Tさんは幼いころから人を恐れる気持ちが強く、人と接することが大の苦手です。でも仕事をはじめとした日常生活を送っていくためには、どうしても多くの人とかかわりを持たなければなりません。人と接したくないのに、人と接する必要があるのですから、彼の心は常に波立ち、不安と怖れに満ちていました。さらにちょっとした心配事なども、それがなくなるまでは気の休まる時がありませんでした。
このようなTさんは、長年の苦しみから逃れるために、人と接することを嫌と思わず、苦しいと感じないように切に願いました。そうなればいつも心は平安で、安心して生活できるはずです。
心配なことがあっても、それを心配事と感じないようになりたいと思いました。不安定な状態かいつも安定していて、いつでも安心していられる自分になりたかったのです。
そのため人と接することを嫌と思わない強い人間になろうとしたり、心配事にも平気でありたいと努力しました。しかしTさんの望むような安定や安心は得られませんでした。
Tさんは自分の健康にも関心が高かったようです。けれど医師に診てもらうことで悪い病気が見つかってしまうのではないかと言う不安から、長い間、病院に行かれませんでした。若いころはそれでもよかったのですが、還暦近くなるといろいろな体の不調が出てきます。Tさんには軽い頻尿がありました。寝ているときも数回トイレに起きるようになっていました。
そこで仕方なく病院に行きました。トイレの症状とは関係ないのですが、腫瘍マーカーの値が異常に高かったのです。がんが疑われる数値でした。そのため三か月ごとに血液検査をして、経過観察することになりました。
彼は次の検査では数値が下がるだろうと考えていましたが、実際は最初の時より悪い数値でした。Tさんは強い恐怖を感じました。

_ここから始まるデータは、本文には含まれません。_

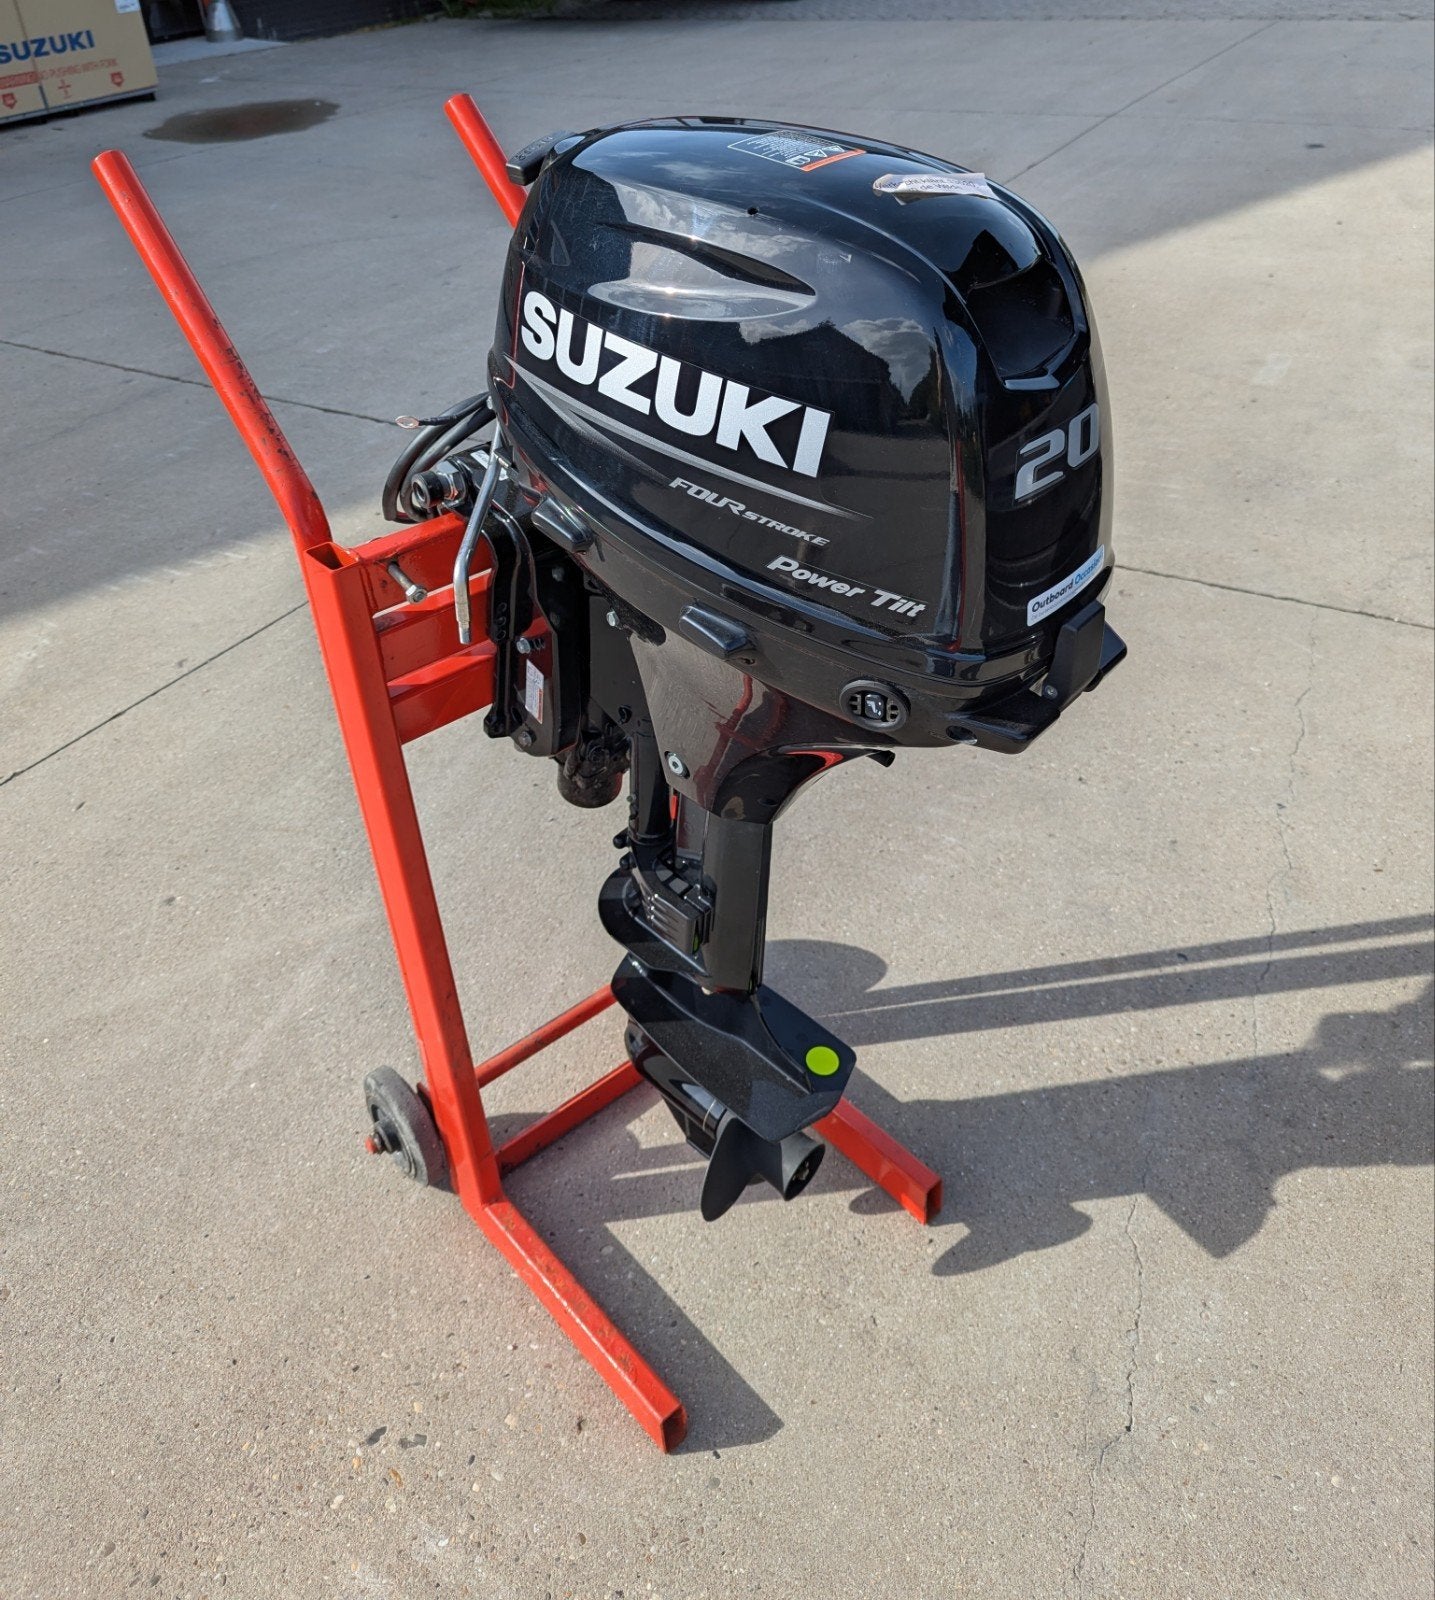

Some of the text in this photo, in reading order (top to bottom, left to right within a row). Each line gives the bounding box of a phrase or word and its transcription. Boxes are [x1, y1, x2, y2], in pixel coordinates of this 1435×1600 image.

[0, 30, 95, 64] SUZUKI
[522, 290, 830, 478] SUZUKI
[1015, 403, 1099, 500] 20
[767, 556, 927, 617] Power Tilt
[1032, 579, 1074, 612] Outboard
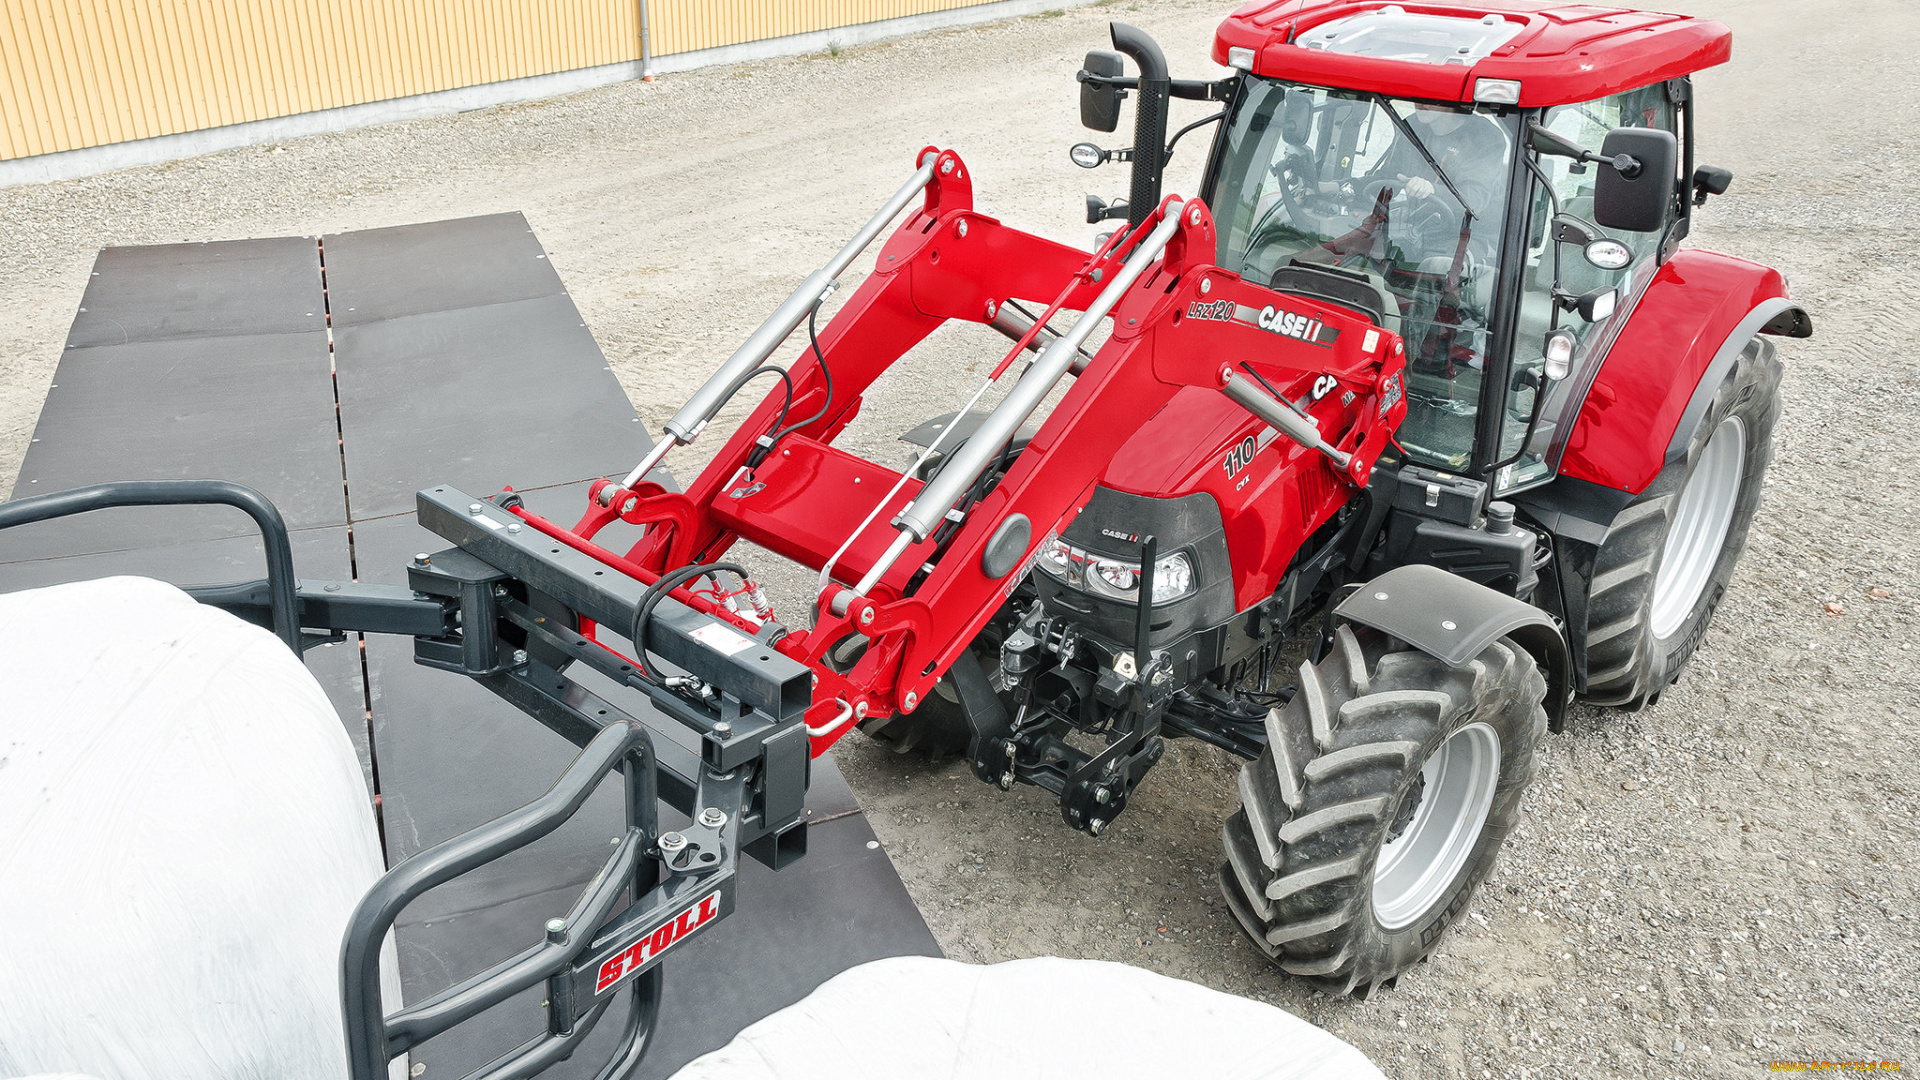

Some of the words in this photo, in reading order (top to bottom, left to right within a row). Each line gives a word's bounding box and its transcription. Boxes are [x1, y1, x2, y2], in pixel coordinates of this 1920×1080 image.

[1258, 304, 1308, 338] CASE
[1313, 374, 1338, 400] CA
[1223, 435, 1255, 480] 110
[1236, 474, 1251, 492] CVX
[1101, 528, 1129, 540] CASE
[597, 894, 717, 992] STOLL
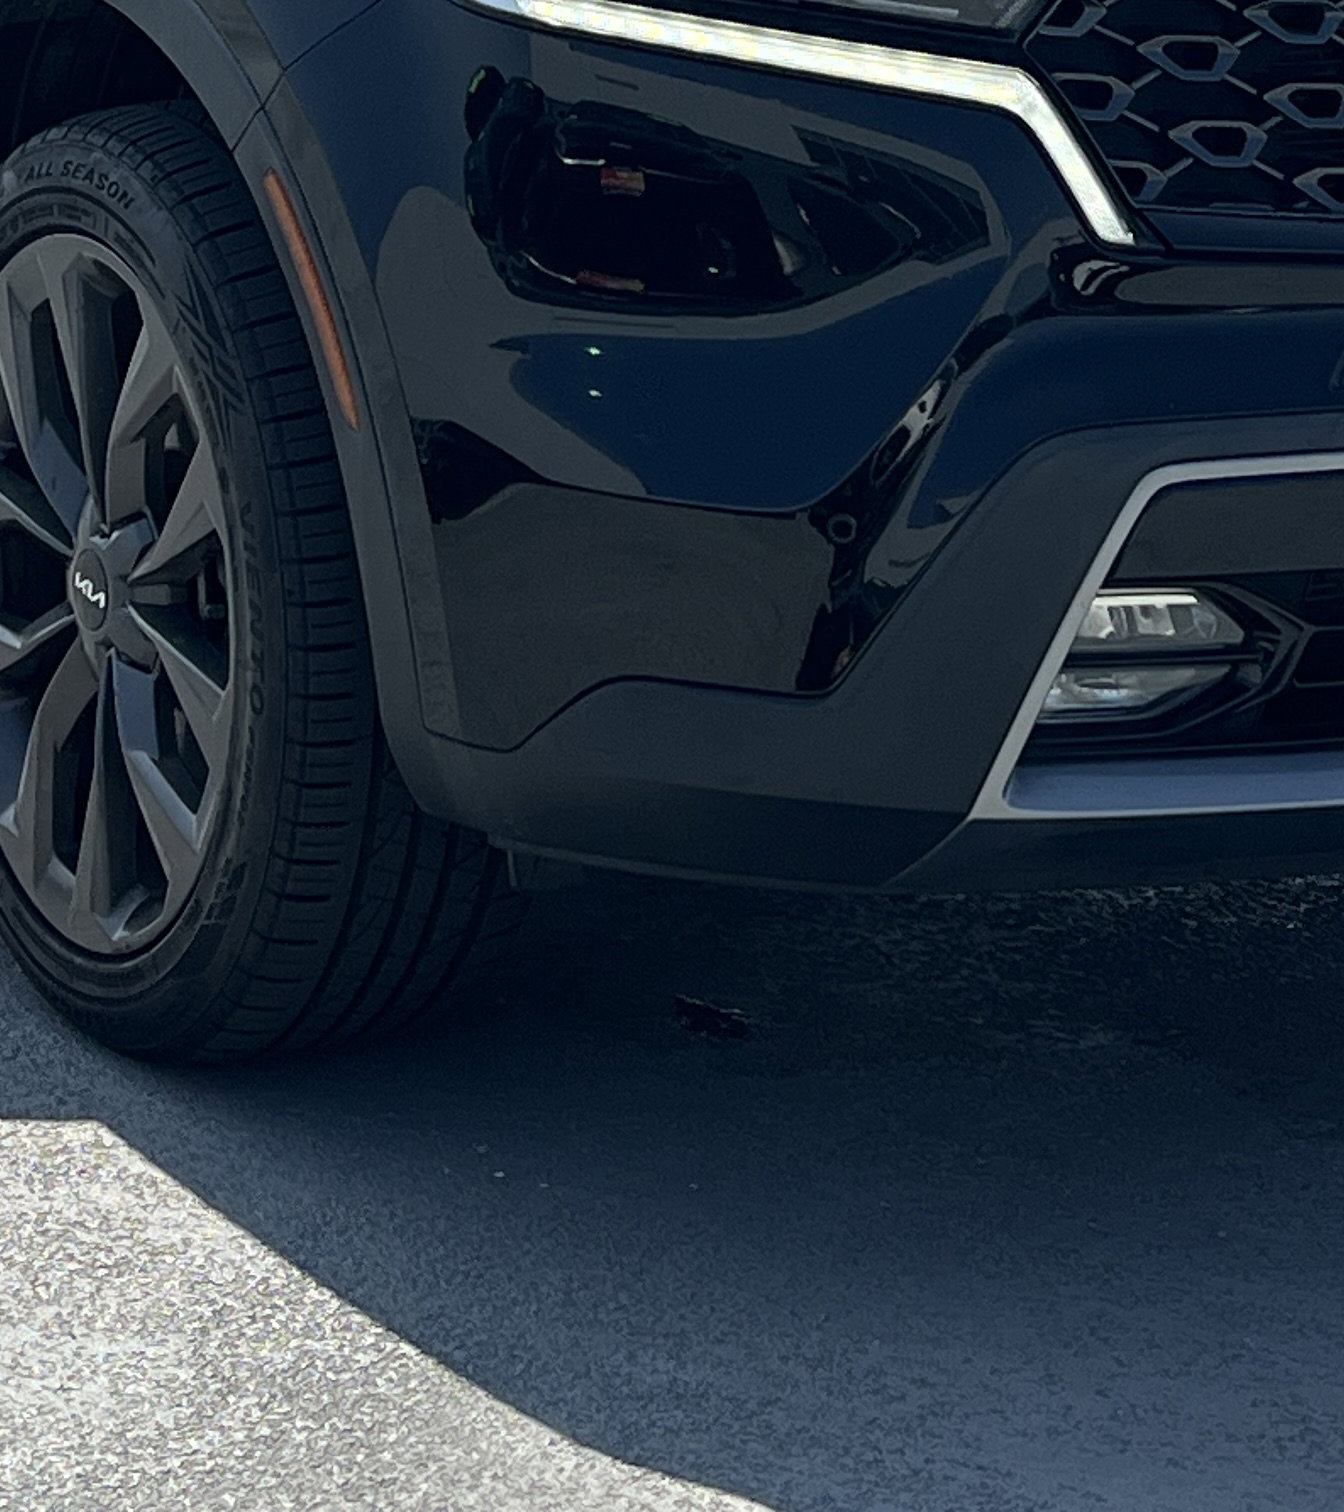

その次の検査までただでさえ安定していないのに、さらに不安定な状態になってしまいました。
悪いことは重なるものです。二回目の検査の頃から下腹部に軽い痛みを感じ、血便が出るようになりました。病院で診てもらうと、内視鏡検査をするよう言われました。当然がんの疑いがあります。Tさんはなんとかこの不安定な状態から抜け出そうとしましたが、二か所もがんの疑いがあり、安定の境地になれるはずもありません。
さらに悪いことに、Tさんはコンクリートの上で転倒して、左手を骨折してしまいました。
安定や安心を求めているTさんは、それらと真逆の不安定で安心できない状態になってしまいました。しかし、実はそうとばかりも言えないのです。
不安が一つだけですと、その不安にばかり注意が向き、不安はどんどん大きくなってしまいます。しかしTさんのように不安がいくつもありますと、一つの不安にばかりかまけていられないので、それぞれの不安が相対的に小さくなるのです。またこれだけ状態がひどく、深刻な現実に直面せざるを得ない状況に追い込まれますと、この現実を苦しいと思わなくすることは無理なことだと、あきらめもつくのです。
嫌な事や苦しいことを、そう思わなくしようとする心の葛藤が、Tさんをより不安定で安心できない状態に追い込んでいたのです。
Tさんは今まで行くことのなかった病院に行ったことで、多くの人が病気に苦しんでいることが分かりました。多くの人が安心安定の状態ではなく、病気と言う不安定、安心できない状態にあるのです。
今健康な人であっても、いつ病気になるかわかりません、だれでも安心できない世界に住んでいるのです。(平等観)
そうです。
不安定で安心できない世界こそが、日常なのです。私たちはこのような世界に住んでいることを認め、いやなことはいや、苦しいことは苦しいと、事実をありのままに見る時に、逆に安定、安心があることが良く分かりました。
このようなものの見方ができると、もう一つ良いことがあります。
それは事実をありのままに見るようになると、その嫌な事実をなくそうとするよりも、その事実に対して何ができるだろう、という前向きな考え方ができるようになるのです。